BEGIN
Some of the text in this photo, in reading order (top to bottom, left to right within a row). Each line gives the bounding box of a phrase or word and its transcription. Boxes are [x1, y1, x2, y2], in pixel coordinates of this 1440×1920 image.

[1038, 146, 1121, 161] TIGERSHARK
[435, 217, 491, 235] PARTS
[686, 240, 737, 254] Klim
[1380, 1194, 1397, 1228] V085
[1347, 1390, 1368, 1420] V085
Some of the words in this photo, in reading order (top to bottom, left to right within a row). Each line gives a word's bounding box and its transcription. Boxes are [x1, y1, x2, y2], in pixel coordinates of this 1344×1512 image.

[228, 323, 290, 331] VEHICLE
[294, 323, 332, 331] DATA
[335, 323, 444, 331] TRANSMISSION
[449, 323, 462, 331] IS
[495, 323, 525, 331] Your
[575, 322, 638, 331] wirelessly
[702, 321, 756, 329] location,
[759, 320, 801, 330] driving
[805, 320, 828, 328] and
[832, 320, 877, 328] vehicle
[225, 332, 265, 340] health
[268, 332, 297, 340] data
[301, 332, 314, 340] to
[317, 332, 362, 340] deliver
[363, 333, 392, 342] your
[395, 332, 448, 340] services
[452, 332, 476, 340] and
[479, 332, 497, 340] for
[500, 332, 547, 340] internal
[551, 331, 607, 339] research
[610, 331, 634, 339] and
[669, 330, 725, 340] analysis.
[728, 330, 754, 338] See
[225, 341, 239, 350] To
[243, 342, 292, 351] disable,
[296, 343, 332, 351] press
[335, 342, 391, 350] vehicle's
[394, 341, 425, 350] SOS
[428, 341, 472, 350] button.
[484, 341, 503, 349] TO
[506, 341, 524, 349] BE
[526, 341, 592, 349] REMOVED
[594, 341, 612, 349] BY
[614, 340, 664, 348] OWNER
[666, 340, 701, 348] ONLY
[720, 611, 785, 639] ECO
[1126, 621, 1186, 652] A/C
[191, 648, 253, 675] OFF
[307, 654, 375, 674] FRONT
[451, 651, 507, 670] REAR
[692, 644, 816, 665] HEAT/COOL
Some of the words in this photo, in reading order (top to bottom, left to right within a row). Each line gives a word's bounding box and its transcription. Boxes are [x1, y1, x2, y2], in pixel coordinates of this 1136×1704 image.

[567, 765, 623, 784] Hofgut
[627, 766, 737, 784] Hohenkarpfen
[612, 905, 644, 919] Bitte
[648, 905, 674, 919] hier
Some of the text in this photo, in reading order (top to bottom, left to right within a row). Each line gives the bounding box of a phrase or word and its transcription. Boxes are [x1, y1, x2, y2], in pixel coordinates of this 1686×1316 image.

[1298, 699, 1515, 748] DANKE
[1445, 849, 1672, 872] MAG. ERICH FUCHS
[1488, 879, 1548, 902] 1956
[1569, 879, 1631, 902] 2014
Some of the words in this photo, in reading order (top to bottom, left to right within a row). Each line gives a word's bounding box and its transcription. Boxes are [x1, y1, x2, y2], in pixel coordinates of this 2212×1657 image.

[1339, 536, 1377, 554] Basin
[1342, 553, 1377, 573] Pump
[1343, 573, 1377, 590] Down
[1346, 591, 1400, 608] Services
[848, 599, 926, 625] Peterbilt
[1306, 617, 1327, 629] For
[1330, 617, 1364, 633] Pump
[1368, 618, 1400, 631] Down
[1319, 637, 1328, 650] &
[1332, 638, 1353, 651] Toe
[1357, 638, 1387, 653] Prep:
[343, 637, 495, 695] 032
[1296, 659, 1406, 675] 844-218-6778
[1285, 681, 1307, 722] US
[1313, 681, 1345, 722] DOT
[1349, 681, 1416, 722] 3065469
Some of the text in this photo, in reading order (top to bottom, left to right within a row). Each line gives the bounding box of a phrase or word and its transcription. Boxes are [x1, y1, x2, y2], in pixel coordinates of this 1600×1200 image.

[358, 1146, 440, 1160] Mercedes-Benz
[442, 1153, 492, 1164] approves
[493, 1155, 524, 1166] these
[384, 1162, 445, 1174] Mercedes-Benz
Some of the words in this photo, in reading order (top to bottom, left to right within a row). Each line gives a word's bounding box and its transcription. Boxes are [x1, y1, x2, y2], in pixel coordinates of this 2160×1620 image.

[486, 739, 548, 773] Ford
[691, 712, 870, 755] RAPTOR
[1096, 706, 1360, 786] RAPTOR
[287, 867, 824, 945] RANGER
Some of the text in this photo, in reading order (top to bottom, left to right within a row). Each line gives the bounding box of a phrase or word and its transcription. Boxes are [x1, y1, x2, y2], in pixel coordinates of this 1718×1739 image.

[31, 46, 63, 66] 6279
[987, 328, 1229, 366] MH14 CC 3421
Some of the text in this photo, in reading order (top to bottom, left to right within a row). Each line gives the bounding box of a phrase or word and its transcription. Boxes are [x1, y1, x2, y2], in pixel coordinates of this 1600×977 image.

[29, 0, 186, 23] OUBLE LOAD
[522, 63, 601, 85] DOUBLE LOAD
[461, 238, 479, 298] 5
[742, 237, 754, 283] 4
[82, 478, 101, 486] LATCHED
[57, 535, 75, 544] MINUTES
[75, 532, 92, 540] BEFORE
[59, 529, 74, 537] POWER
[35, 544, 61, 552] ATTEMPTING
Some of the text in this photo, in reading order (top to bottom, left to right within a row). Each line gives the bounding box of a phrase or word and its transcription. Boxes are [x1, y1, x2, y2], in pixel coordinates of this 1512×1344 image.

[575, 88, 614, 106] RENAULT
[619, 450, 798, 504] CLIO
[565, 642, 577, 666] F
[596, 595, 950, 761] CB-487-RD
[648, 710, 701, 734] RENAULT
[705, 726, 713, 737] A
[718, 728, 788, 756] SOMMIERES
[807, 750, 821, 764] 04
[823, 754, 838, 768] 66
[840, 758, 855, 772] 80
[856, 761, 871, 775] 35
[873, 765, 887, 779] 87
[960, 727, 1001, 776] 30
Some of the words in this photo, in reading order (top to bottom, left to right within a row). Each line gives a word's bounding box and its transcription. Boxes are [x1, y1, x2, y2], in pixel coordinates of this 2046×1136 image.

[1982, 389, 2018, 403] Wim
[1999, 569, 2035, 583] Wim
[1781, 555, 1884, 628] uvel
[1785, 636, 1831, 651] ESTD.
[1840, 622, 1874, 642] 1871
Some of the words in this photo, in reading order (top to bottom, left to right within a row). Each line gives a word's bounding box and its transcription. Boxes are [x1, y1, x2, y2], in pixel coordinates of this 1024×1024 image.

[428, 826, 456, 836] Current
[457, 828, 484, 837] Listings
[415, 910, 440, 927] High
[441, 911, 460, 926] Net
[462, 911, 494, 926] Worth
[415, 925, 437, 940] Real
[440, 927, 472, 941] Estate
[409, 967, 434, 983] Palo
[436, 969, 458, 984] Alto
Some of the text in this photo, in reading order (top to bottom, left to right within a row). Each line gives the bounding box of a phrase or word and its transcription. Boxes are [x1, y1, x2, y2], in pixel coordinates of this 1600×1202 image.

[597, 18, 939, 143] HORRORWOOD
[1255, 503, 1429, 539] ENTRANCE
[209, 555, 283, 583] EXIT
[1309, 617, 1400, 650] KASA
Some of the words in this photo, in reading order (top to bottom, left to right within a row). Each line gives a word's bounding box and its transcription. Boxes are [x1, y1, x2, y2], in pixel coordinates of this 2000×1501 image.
END
## Exercise details
Everything in the listing must be written out again without any change.

## Solved problem
Some of the text in this photo, in reading order (top to bottom, left to right within a row). Each line gives the bounding box of a phrase or word and its transcription. Boxes are [x1, y1, x2, y2], in pixel coordinates of this 1440×1920 image.

[1038, 146, 1121, 161] TIGERSHARK
[435, 217, 491, 235] PARTS
[686, 240, 737, 254] Klim
[1380, 1194, 1397, 1228] V085
[1347, 1390, 1368, 1420] V085
Some of the words in this photo, in reading order (top to bottom, left to right within a row). Each line gives a word's bounding box and its transcription. Boxes are [x1, y1, x2, y2], in pixel coordinates of this 1344×1512 image.

[228, 323, 290, 331] VEHICLE
[294, 323, 332, 331] DATA
[335, 323, 444, 331] TRANSMISSION
[449, 323, 462, 331] IS
[495, 323, 525, 331] Your
[575, 322, 638, 331] wirelessly
[702, 321, 756, 329] location,
[759, 320, 801, 330] driving
[805, 320, 828, 328] and
[832, 320, 877, 328] vehicle
[225, 332, 265, 340] health
[268, 332, 297, 340] data
[301, 332, 314, 340] to
[317, 332, 362, 340] deliver
[363, 333, 392, 342] your
[395, 332, 448, 340] services
[452, 332, 476, 340] and
[479, 332, 497, 340] for
[500, 332, 547, 340] internal
[551, 331, 607, 339] research
[610, 331, 634, 339] and
[669, 330, 725, 340] analysis.
[728, 330, 754, 338] See
[225, 341, 239, 350] To
[243, 342, 292, 351] disable,
[296, 343, 332, 351] press
[335, 342, 391, 350] vehicle's
[394, 341, 425, 350] SOS
[428, 341, 472, 350] button.
[484, 341, 503, 349] TO
[506, 341, 524, 349] BE
[526, 341, 592, 349] REMOVED
[594, 341, 612, 349] BY
[614, 340, 664, 348] OWNER
[666, 340, 701, 348] ONLY
[720, 611, 785, 639] ECO
[1126, 621, 1186, 652] A/C
[191, 648, 253, 675] OFF
[307, 654, 375, 674] FRONT
[451, 651, 507, 670] REAR
[692, 644, 816, 665] HEAT/COOL
Some of the words in this photo, in reading order (top to bottom, left to right within a row). Each line gives a word's bounding box and its transcription. Boxes are [x1, y1, x2, y2], in pixel coordinates of this 1136×1704 image.

[567, 765, 623, 784] Hofgut
[627, 766, 737, 784] Hohenkarpfen
[612, 905, 644, 919] Bitte
[648, 905, 674, 919] hier
Some of the text in this photo, in reading order (top to bottom, left to right within a row). Each line gives the bounding box of a phrase or word and its transcription. Boxes are [x1, y1, x2, y2], in pixel coordinates of this 1686×1316 image.

[1298, 699, 1515, 748] DANKE
[1445, 849, 1672, 872] MAG. ERICH FUCHS
[1488, 879, 1548, 902] 1956
[1569, 879, 1631, 902] 2014
Some of the words in this photo, in reading order (top to bottom, left to right within a row). Each line gives a word's bounding box and its transcription. Boxes are [x1, y1, x2, y2], in pixel coordinates of this 2212×1657 image.

[1339, 536, 1377, 554] Basin
[1342, 553, 1377, 573] Pump
[1343, 573, 1377, 590] Down
[1346, 591, 1400, 608] Services
[848, 599, 926, 625] Peterbilt
[1306, 617, 1327, 629] For
[1330, 617, 1364, 633] Pump
[1368, 618, 1400, 631] Down
[1319, 637, 1328, 650] &
[1332, 638, 1353, 651] Toe
[1357, 638, 1387, 653] Prep:
[343, 637, 495, 695] 032
[1296, 659, 1406, 675] 844-218-6778
[1285, 681, 1307, 722] US
[1313, 681, 1345, 722] DOT
[1349, 681, 1416, 722] 3065469
Some of the text in this photo, in reading order (top to bottom, left to right within a row). Each line gives the bounding box of a phrase or word and its transcription. Boxes are [x1, y1, x2, y2], in pixel coordinates of this 1600×1200 image.

[358, 1146, 440, 1160] Mercedes-Benz
[442, 1153, 492, 1164] approves
[493, 1155, 524, 1166] these
[384, 1162, 445, 1174] Mercedes-Benz
Some of the words in this photo, in reading order (top to bottom, left to right within a row). Each line gives a word's bounding box and its transcription. Boxes are [x1, y1, x2, y2], in pixel coordinates of this 2160×1620 image.

[486, 739, 548, 773] Ford
[691, 712, 870, 755] RAPTOR
[1096, 706, 1360, 786] RAPTOR
[287, 867, 824, 945] RANGER
Some of the text in this photo, in reading order (top to bottom, left to right within a row). Each line gives the bounding box of a phrase or word and its transcription. Boxes are [x1, y1, x2, y2], in pixel coordinates of this 1718×1739 image.

[31, 46, 63, 66] 6279
[987, 328, 1229, 366] MH14 CC 3421
Some of the text in this photo, in reading order (top to bottom, left to right within a row). Each line gives the bounding box of a phrase or word and its transcription. Boxes are [x1, y1, x2, y2], in pixel coordinates of this 1600×977 image.

[29, 0, 186, 23] OUBLE LOAD
[522, 63, 601, 85] DOUBLE LOAD
[461, 238, 479, 298] 5
[742, 237, 754, 283] 4
[82, 478, 101, 486] LATCHED
[57, 535, 75, 544] MINUTES
[75, 532, 92, 540] BEFORE
[59, 529, 74, 537] POWER
[35, 544, 61, 552] ATTEMPTING
Some of the text in this photo, in reading order (top to bottom, left to right within a row). Each line gives the bounding box of a phrase or word and its transcription. Boxes are [x1, y1, x2, y2], in pixel coordinates of this 1512×1344 image.

[575, 88, 614, 106] RENAULT
[619, 450, 798, 504] CLIO
[565, 642, 577, 666] F
[596, 595, 950, 761] CB-487-RD
[648, 710, 701, 734] RENAULT
[705, 726, 713, 737] A
[718, 728, 788, 756] SOMMIERES
[807, 750, 821, 764] 04
[823, 754, 838, 768] 66
[840, 758, 855, 772] 80
[856, 761, 871, 775] 35
[873, 765, 887, 779] 87
[960, 727, 1001, 776] 30
Some of the words in this photo, in reading order (top to bottom, left to right within a row). Each line gives a word's bounding box and its transcription. Boxes are [x1, y1, x2, y2], in pixel coordinates of this 2046×1136 image.

[1982, 389, 2018, 403] Wim
[1999, 569, 2035, 583] Wim
[1781, 555, 1884, 628] uvel
[1785, 636, 1831, 651] ESTD.
[1840, 622, 1874, 642] 1871
Some of the words in this photo, in reading order (top to bottom, left to right within a row). Each line gives a word's bounding box and its transcription. Boxes are [x1, y1, x2, y2], in pixel coordinates of this 1024×1024 image.

[428, 826, 456, 836] Current
[457, 828, 484, 837] Listings
[415, 910, 440, 927] High
[441, 911, 460, 926] Net
[462, 911, 494, 926] Worth
[415, 925, 437, 940] Real
[440, 927, 472, 941] Estate
[409, 967, 434, 983] Palo
[436, 969, 458, 984] Alto
Some of the text in this photo, in reading order (top to bottom, left to right within a row). Each line gives the bounding box of a phrase or word and its transcription. Boxes are [x1, y1, x2, y2], in pixel coordinates of this 1600×1202 image.

[597, 18, 939, 143] HORRORWOOD
[1255, 503, 1429, 539] ENTRANCE
[209, 555, 283, 583] EXIT
[1309, 617, 1400, 650] KASA
Some of the words in this photo, in reading order (top to bottom, left to right within a row). Each line gives a word's bounding box and its transcription. Boxes are [x1, y1, x2, y2], in pixel coordinates of this 2000×1501 image.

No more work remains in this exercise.